Esta apatia cessa em 1848-50, durante a minha infância, com os

fortes impulsos dados por António Feliciano de Castilho à vida de S.

Miguel, despertando em todas as classes um largo interesse pelas

letras, organizando sociedades literárias e de instrução, em volta da

qual se juntaram todos os melhores valores intelectuais da Ilha,

esquecidas as paixões políticas que os separavam.

Efectivamente, em 1847, Feliciano de Castilho, nesse tempo

considerado o valor máximo da poesia nacional e também dedicado a

questões de ensino, tinha-se acolhido, por motivos políticos, a S.

Miguel, onde se relacionou com muitas das principais famílias daqui,

sendo igualmente muito bem recebido pelos Quentais, de quem era um

grande amigo familiar.

Publicaram-se então muitos jornais e revistas literárias, com

poesias, romances, contos, etc., da mocidade da época.

Logo na infância, vivi sob o influxo deste movimento de interesse

literário criado por Castilho em S. Miguel e tanto mais fortemente o

devo ter sofrido quanto, morando em frente do poeta e sendo grande

amigo do filho, em casa dele vivia na maior intimidade.

Na mesma época assisti ainda a um grande movimento a favor da

instrução popular, dirigido por Castilho, que nesse sentido organizou

uma cruzada em que tomou parte toda a sociedade micaelense. Iniciado

com a fundação da Sociedade dos Amigos das Letras e Artes, esse

movimento de que meu tio, Filipe de Quental, foi um dos maiores

propagandistas, provocou uma verdadeira revolução em S. Miguel.

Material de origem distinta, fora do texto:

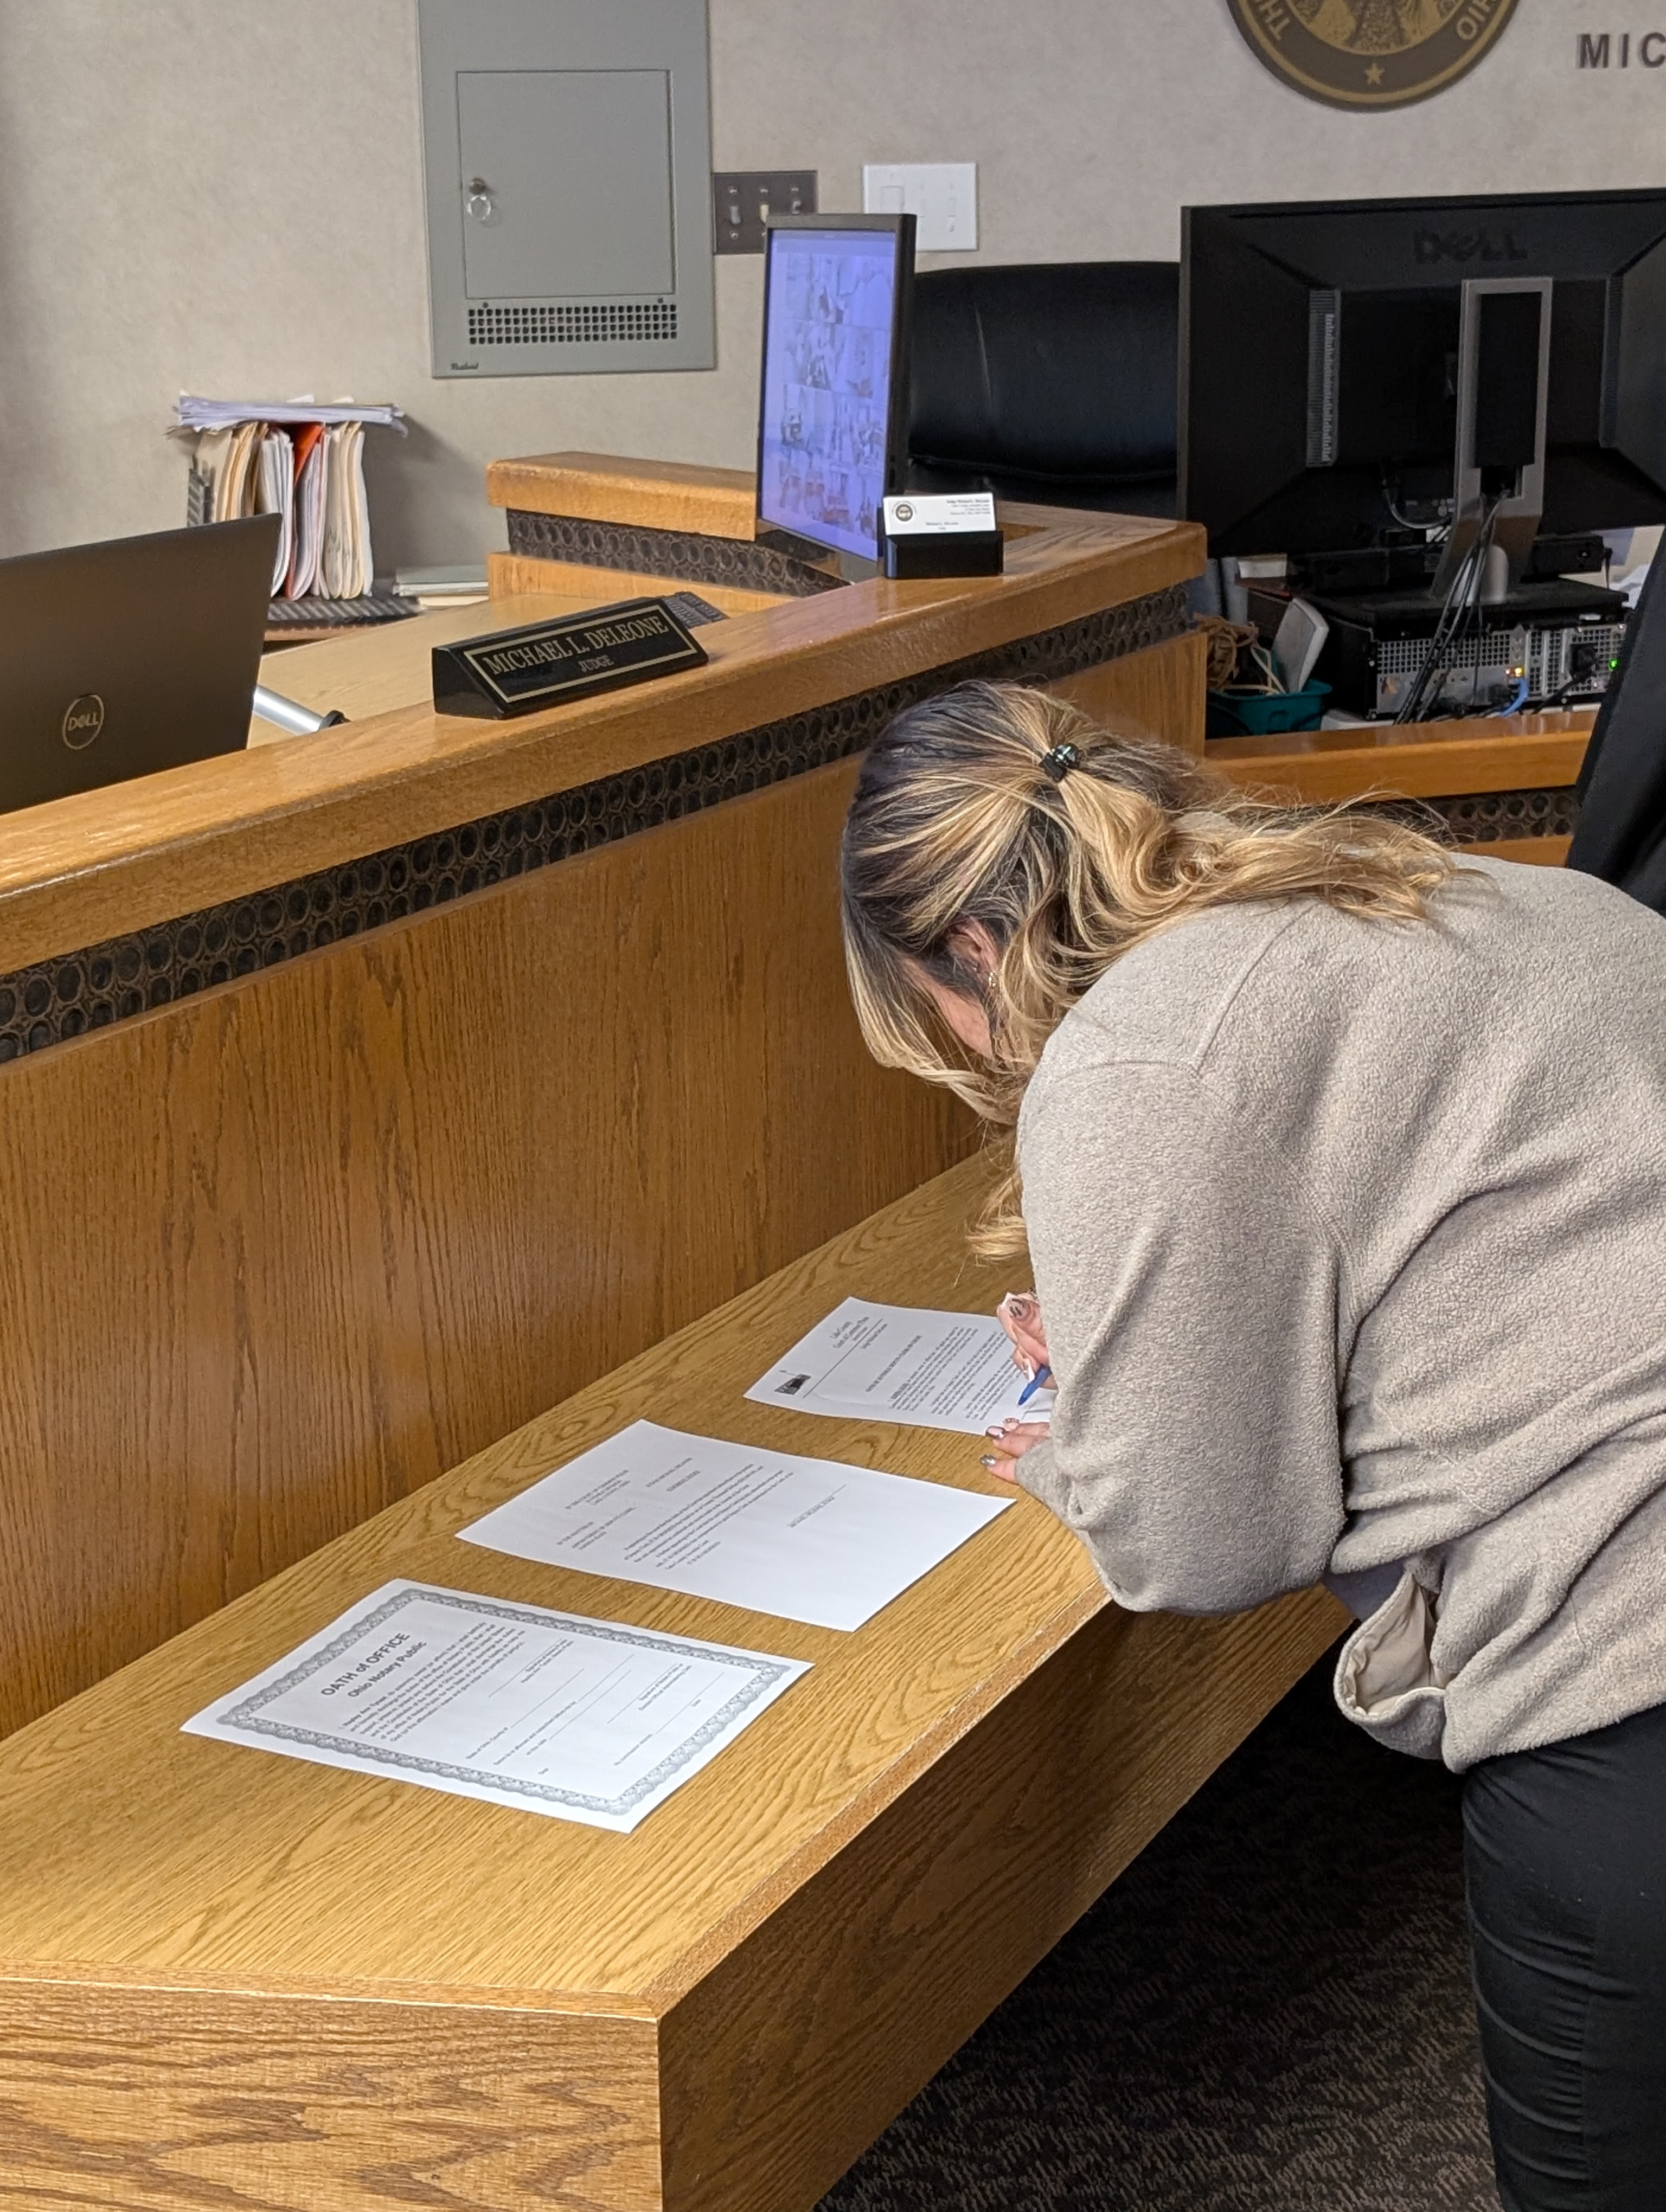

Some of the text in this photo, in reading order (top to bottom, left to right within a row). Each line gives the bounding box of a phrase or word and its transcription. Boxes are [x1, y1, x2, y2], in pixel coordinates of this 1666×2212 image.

Hoje não tenho dúvida em afirmar, ter sido deste meio social

micaelense que ressaltaram as três influências mais fortes que

marcaram para sempre a minha vida: o culto das Letras,

especialmente da poesia, no ambiente criado por Castilho; a paixão

política, muito viva em toda a sociedade micaelense; e o interesse pelas

classes populares, primeira semente da ideologia socialista que logo

na mocidade inspiraria muitos dos meus escritos.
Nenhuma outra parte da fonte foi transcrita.